### EXERCISE DIRECTIONS
I would like you to output every record below exactly, apart from the pictures.
^^^^^^^^
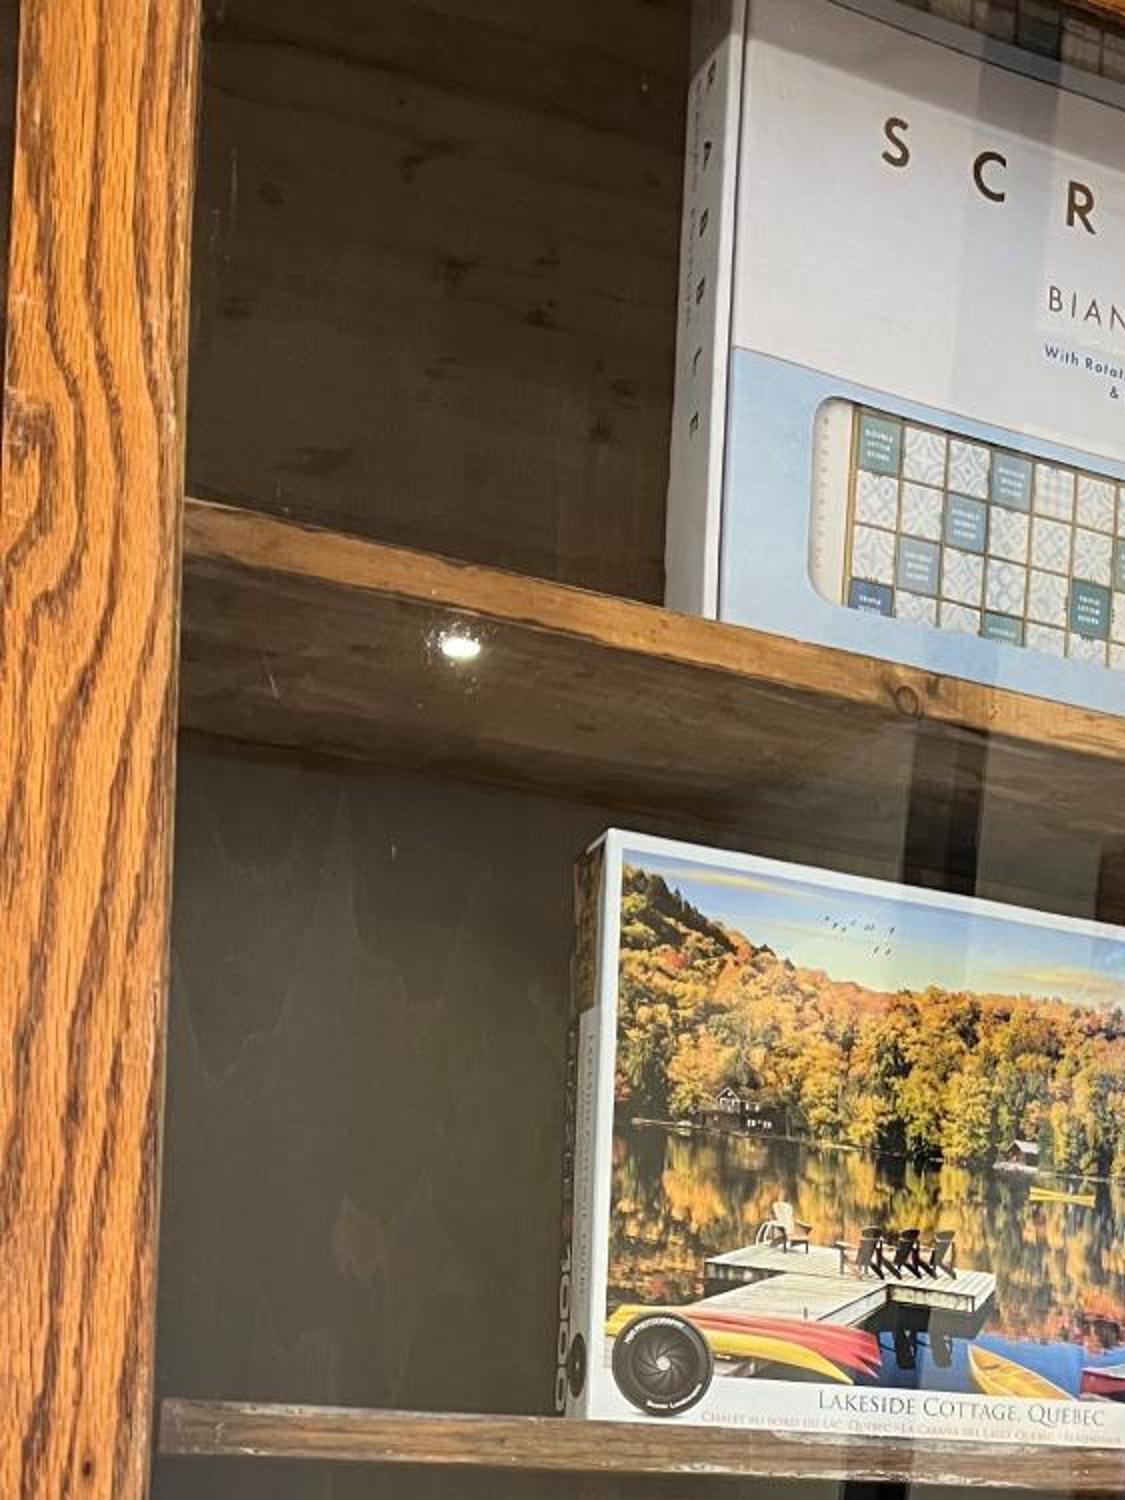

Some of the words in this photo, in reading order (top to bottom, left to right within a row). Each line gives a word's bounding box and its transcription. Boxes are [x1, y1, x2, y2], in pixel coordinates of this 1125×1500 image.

[1045, 344, 1080, 367] With
[1109, 385, 1119, 400] &
[818, 1391, 914, 1417] LAKESIDE
[923, 1396, 1021, 1422] COTTAGE,
^^^^^^^^
### OUTPUT
Some of the words in this photo, in reading order (top to bottom, left to right within a row). Each line gives a word's bounding box and its transcription. Boxes are [x1, y1, x2, y2], in pixel coordinates of this 1125×1500 image.

[1045, 344, 1080, 367] With
[1109, 385, 1119, 400] &
[818, 1391, 914, 1417] LAKESIDE
[923, 1396, 1021, 1422] COTTAGE,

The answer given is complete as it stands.